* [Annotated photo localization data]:
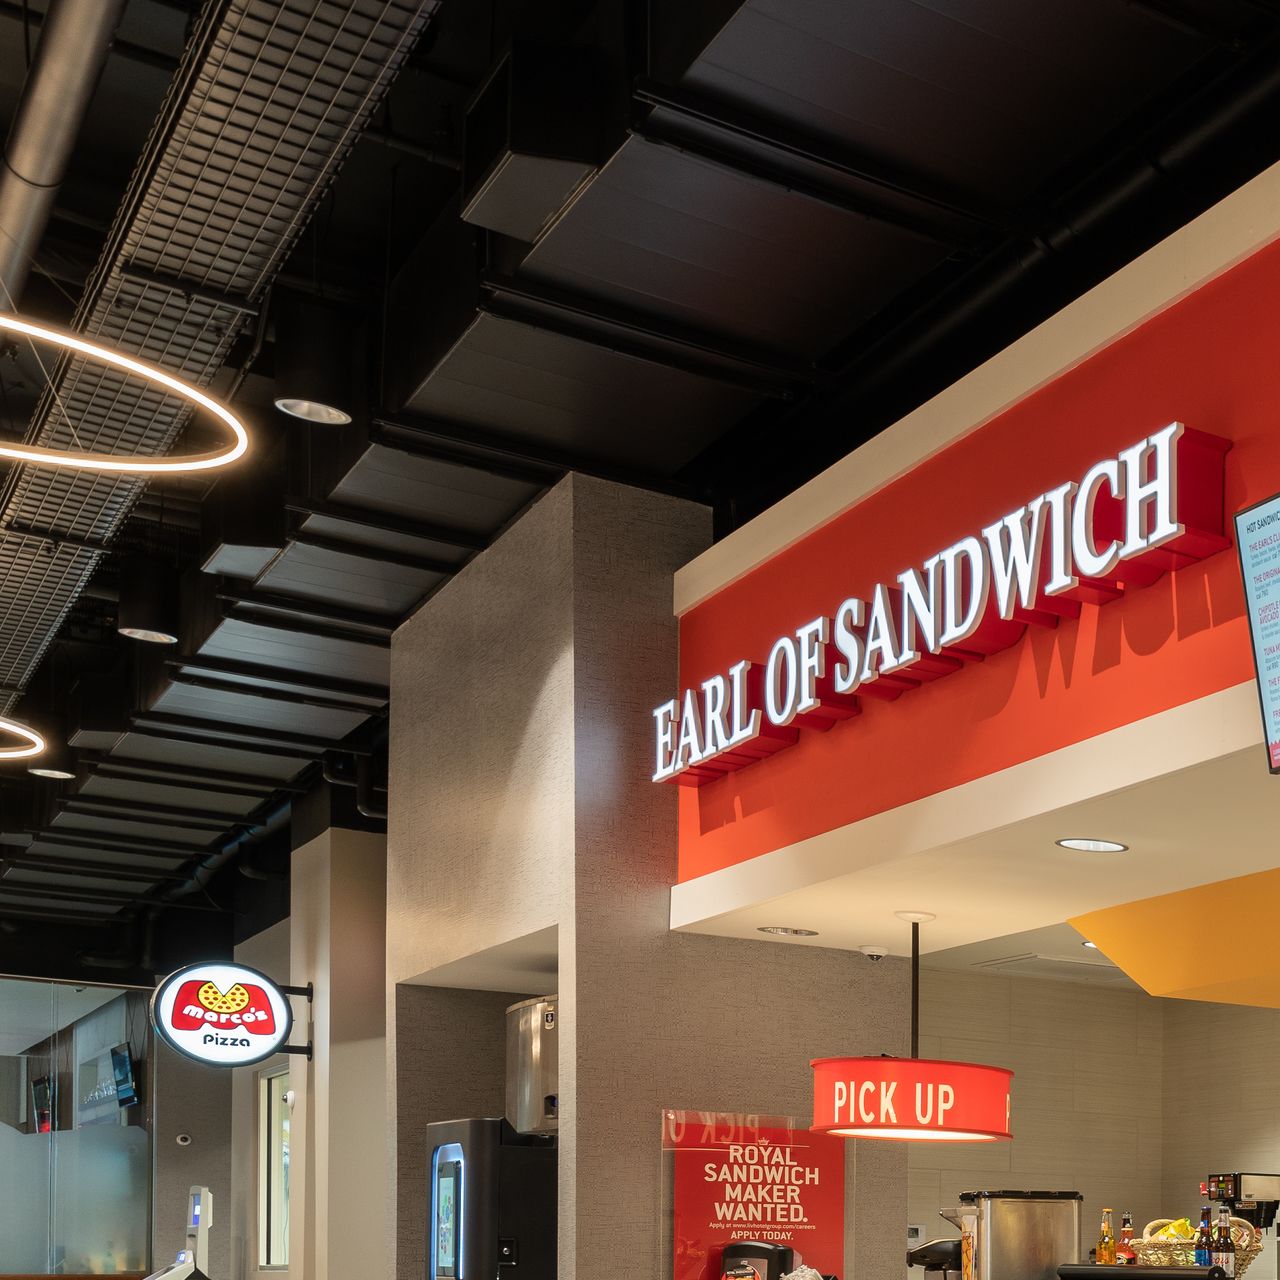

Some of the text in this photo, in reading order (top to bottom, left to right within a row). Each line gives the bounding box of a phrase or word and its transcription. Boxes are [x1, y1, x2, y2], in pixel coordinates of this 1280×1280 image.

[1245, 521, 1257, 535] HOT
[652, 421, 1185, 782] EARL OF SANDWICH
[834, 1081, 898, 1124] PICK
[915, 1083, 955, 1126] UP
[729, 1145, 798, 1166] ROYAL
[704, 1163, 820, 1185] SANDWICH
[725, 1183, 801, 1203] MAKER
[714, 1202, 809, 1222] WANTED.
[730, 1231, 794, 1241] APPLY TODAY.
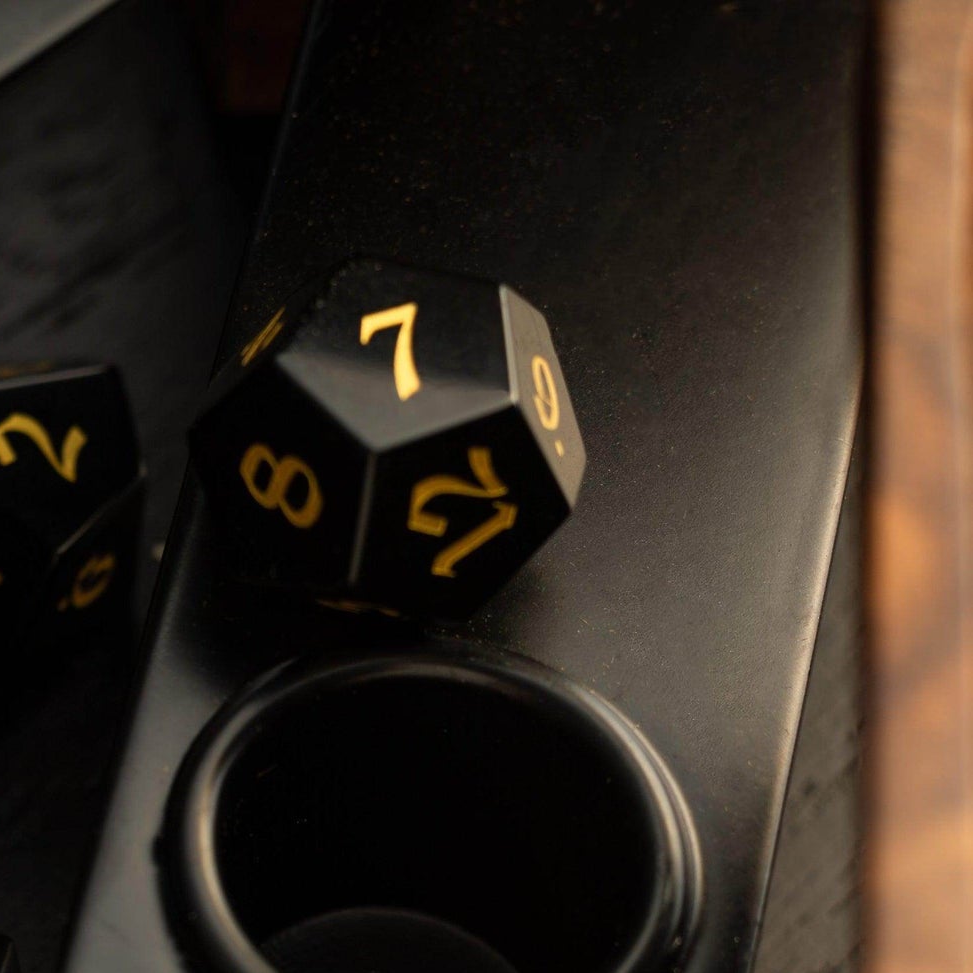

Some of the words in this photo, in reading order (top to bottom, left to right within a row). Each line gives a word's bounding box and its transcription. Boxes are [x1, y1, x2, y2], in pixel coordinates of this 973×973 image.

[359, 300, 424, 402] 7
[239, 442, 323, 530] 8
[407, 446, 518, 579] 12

* [TASK DETAILS]: Every line above goes into the copy unchanged; the pictures do not.

* [RESULT OF THIS TASK]:
Some of the text in this photo, in reading order (top to bottom, left to right within a row). Each line gives the bounding box of a phrase or word and its transcription. Boxes are [x1, y1, x2, y2], in pixel coordinates of this 1280×1280 image.

[1245, 521, 1257, 535] HOT
[652, 421, 1185, 782] EARL OF SANDWICH
[834, 1081, 898, 1124] PICK
[915, 1083, 955, 1126] UP
[729, 1145, 798, 1166] ROYAL
[704, 1163, 820, 1185] SANDWICH
[725, 1183, 801, 1203] MAKER
[714, 1202, 809, 1222] WANTED.
[730, 1231, 794, 1241] APPLY TODAY.

Some of the words in this photo, in reading order (top to bottom, left to right within a row). Each line gives a word's bounding box and its transcription. Boxes are [x1, y1, x2, y2], in pixel coordinates of this 973×973 image.

[359, 300, 424, 402] 7
[239, 442, 323, 530] 8
[407, 446, 518, 579] 12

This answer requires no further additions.